> _Assignment_
Would you please restate all of the entries exactly, apart from the pictures?

Collected data:
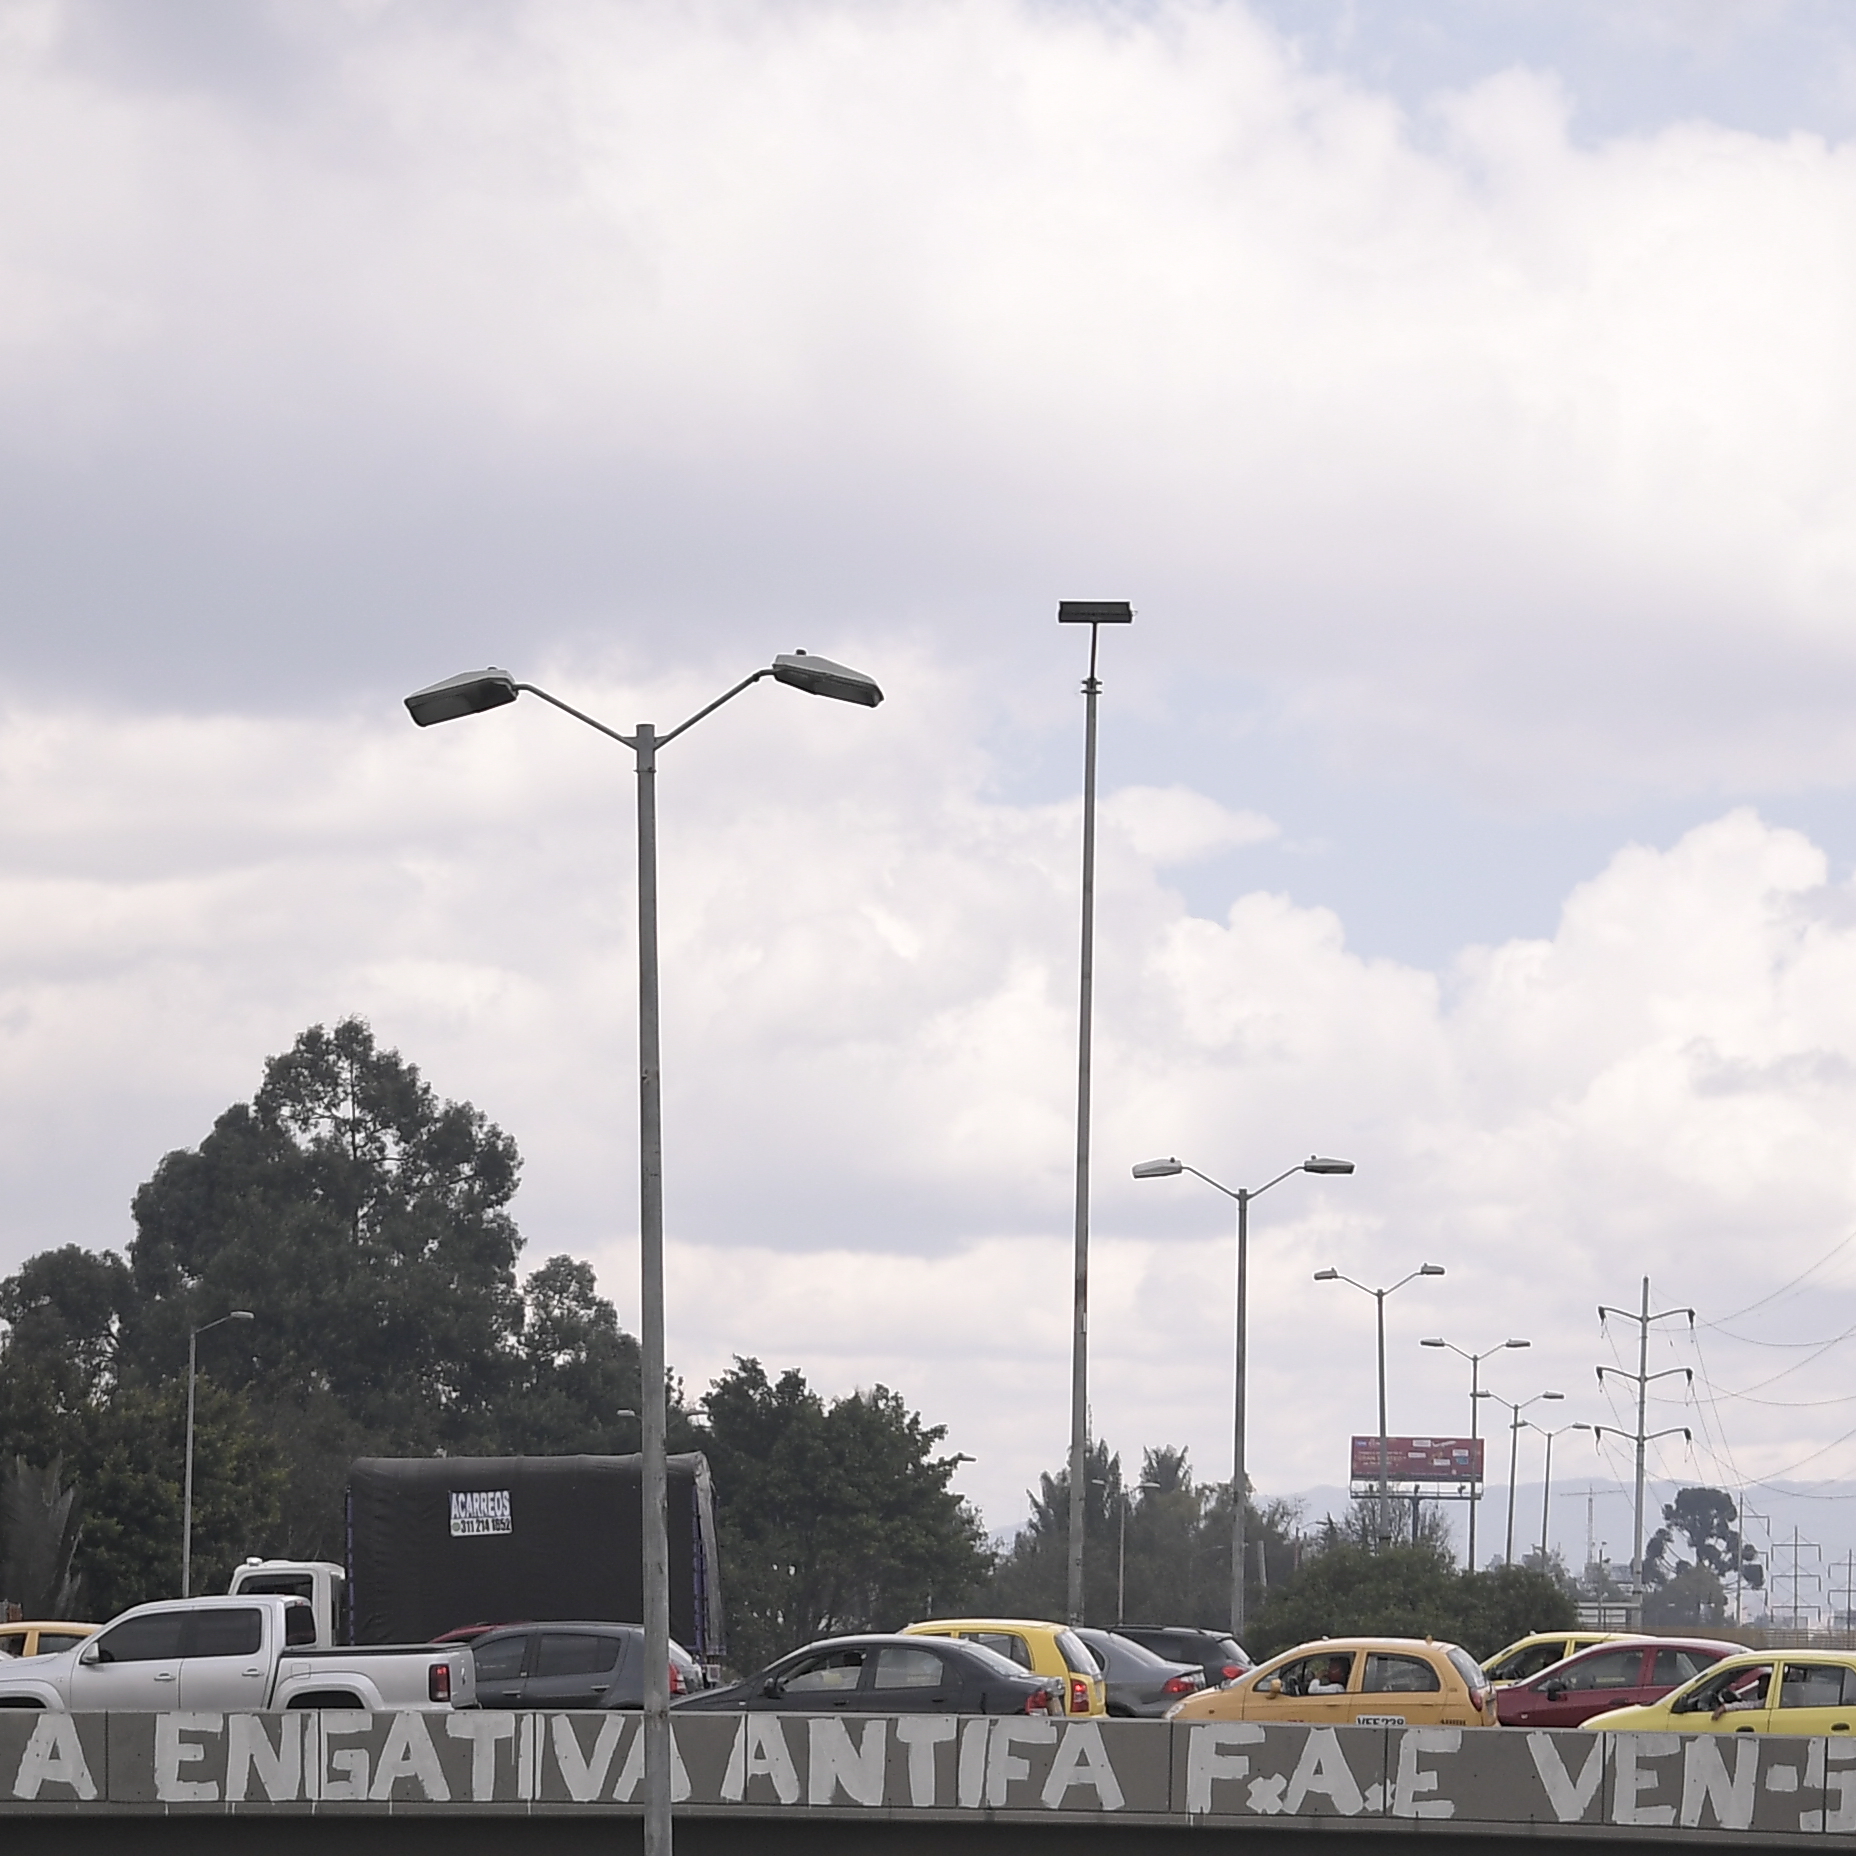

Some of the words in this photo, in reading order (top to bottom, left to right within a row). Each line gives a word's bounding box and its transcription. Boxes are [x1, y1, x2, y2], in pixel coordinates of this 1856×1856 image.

[451, 1491, 510, 1518] ACARREOS
[461, 1520, 474, 1533] 311
[12, 1713, 98, 1800] A
[154, 1711, 692, 1802] ENGATIVA
[719, 1714, 1126, 1810] ANTIFA

> _Response to the task_
Some of the words in this photo, in reading order (top to bottom, left to right within a row). Each line gives a word's bounding box and its transcription. Boxes are [x1, y1, x2, y2], in pixel coordinates of this 1856×1856 image.

[451, 1491, 510, 1518] ACARREOS
[461, 1520, 474, 1533] 311
[12, 1713, 98, 1800] A
[154, 1711, 692, 1802] ENGATIVA
[719, 1714, 1126, 1810] ANTIFA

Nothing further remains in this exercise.